Last year, I took part in a morally and ethically challenging referendum. We all had to vote on whether to change the Constitution to officially recognise the First Peoples by establishing a dedicated body. In the end, the referendum did not pass. I felt like an imposter, having to vote for something so foreign to me. It was not my voice that was missing and I feared it was not my vote to cast.
Finally, I was applying for jobs.
In my quest for a job, any job, I ended up applying for a Content Editing position at a University, a something-something for L’Oreal as if I stood a chance, and as a Health Information Service clerk for a Hospital. This last role came about via one of the Boyfriend’s friends, who worked in Health Information Services (aka medical records) and assured me she’d put in a good word for me.

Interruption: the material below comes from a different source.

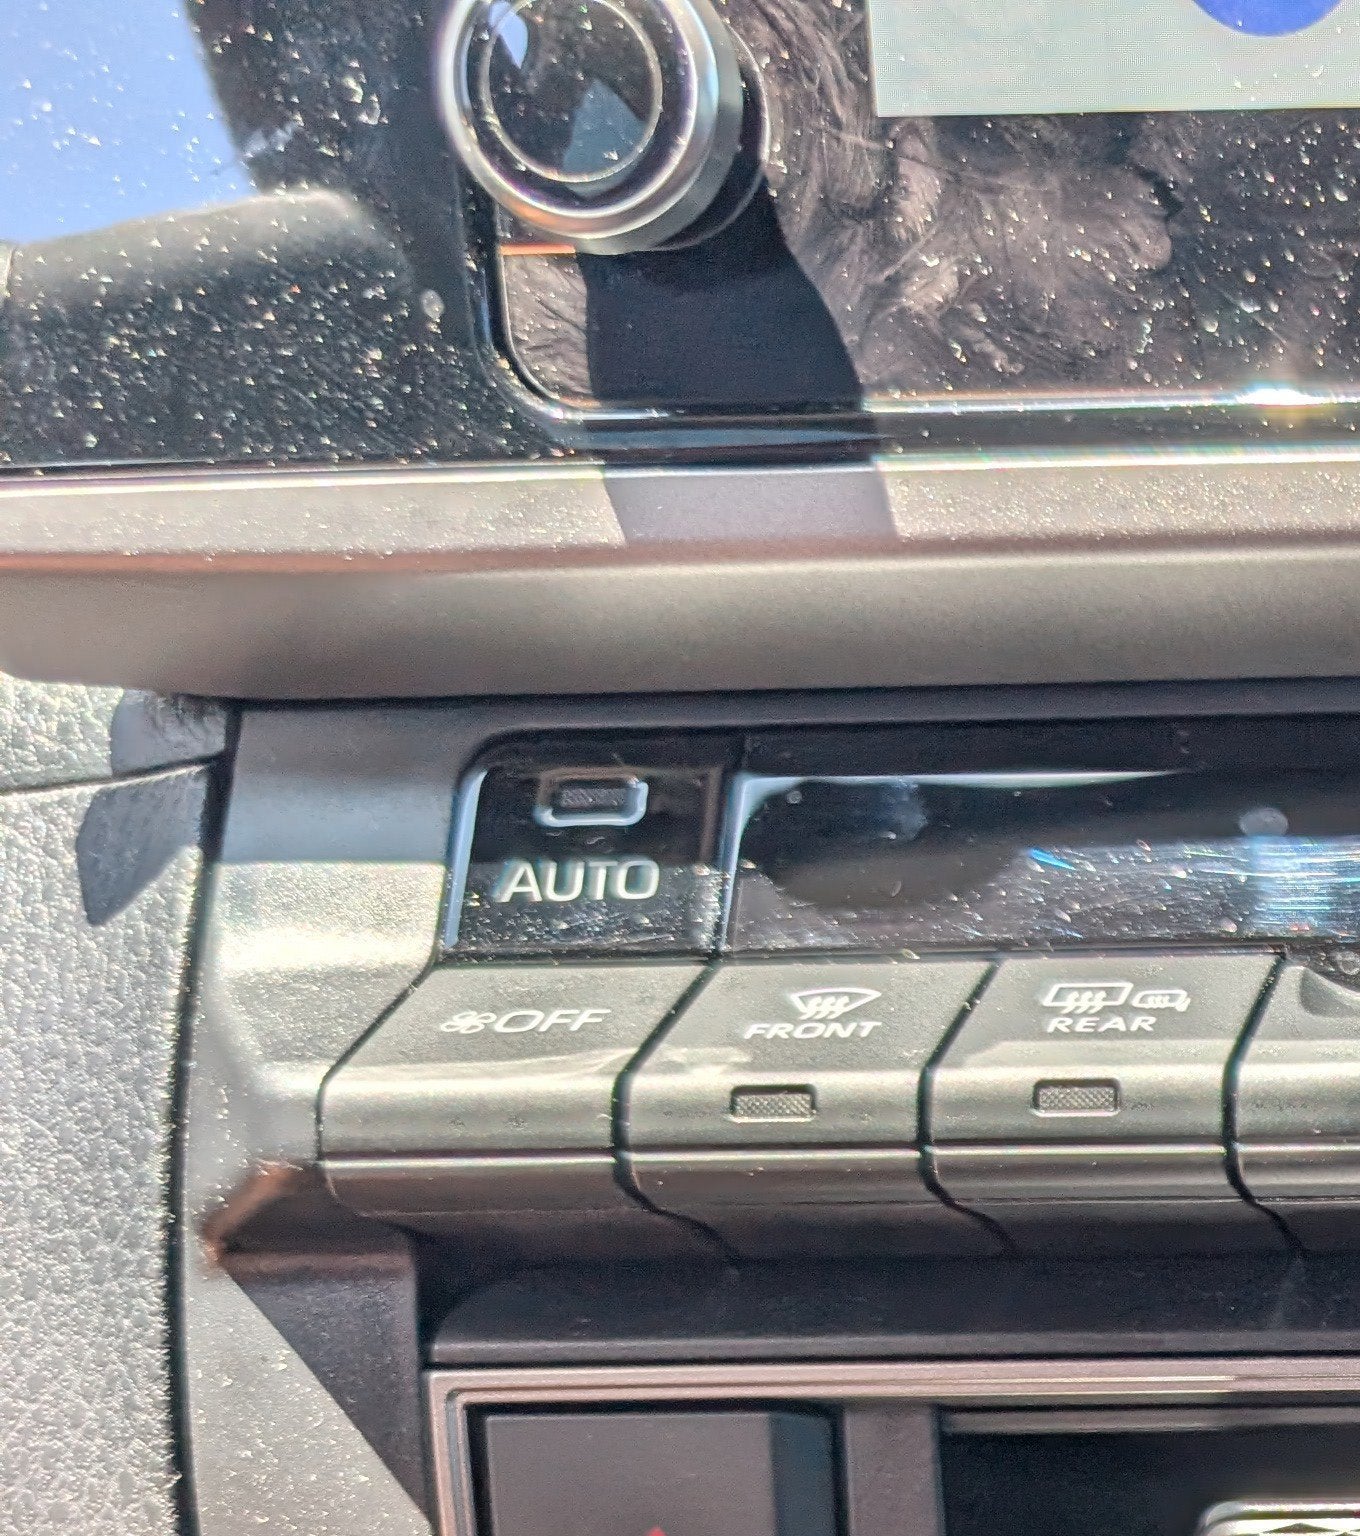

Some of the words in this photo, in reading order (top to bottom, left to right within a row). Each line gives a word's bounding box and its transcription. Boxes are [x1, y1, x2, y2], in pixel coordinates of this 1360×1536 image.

By that point, I had experience with the Australian form-filling process. I wasn’t questioning the omnipresent question related to Aboriginal or Torres Strait Islander background anymore, but I was not ready for what was about to come.
What culture/s do you identify with?
Like, alternative? Nerd? Millennial? Thank god there was a drop-down list.
There was no ‘Italian’ so ‘White’ was my next best option. I hovered over ‘Latinx’ but squinted. Technically, as Mediterranean people, we did go back to Latin roots… But was this what they meant? Surely not. But then, why was ‘Hispanic’ on the list? I felt more Hispanic than Germanic, but history would disagree. I scrolled up and down the list several times before I found ‘European’ and clicked on it.
That will do.
As an Italian from Italy, I can assure you, that was the first time I ever identified as a European. Europeans didn’t identify as Europeans. There was a staggering lack of patriotism on that side of the pond if we compared it to how many North Americans fly the U.S. flag on their front porch. I’ve never even seen a European flag.
Are you part of a minority?
Am I? I mean… as a white human being, no. Were migrants and ‘English Second Language’ a minority in Australia? Probably not. Women with a double degree wouldn’t be the majority but I am a cis, straight, able-bodied, neurotypical person, and I can’t claim to be a minority.
I needed the reverse approach: what have I been discriminated against? Only child, divorced parents, overweight, alternative… That didn’t seem like the information a recruiter would want.
Maybe, if I needed to ask myself the question, I didn’t belong to a minority.
Smart.
So, I ticked no.
Those first job applications taught me a lot about myself and how I handle unexpected questions: Google and panic.
Directly from the archives, please enjoy this authentic photographic evidence:
How is the culture you identify with important for a clerk job at the hospital?? Also, I assume it's frowned upon to ask about your race? Because they were asking about race there, not culture. White is not a culture...
The next question is even stranger for a job app... I mean, aren't PhDs a minority in this world? 😊
Eventually did you vote at the referendum? Immigrant voting rights is a big and difficult topic, at least in my mind. Should I be allowed to vote in my country of origin, or in my country of residence? If I am allowed to vote in the former, should I exercise that right, given I do not live there?
And in your case, should you vote if you cannot relate to the topic?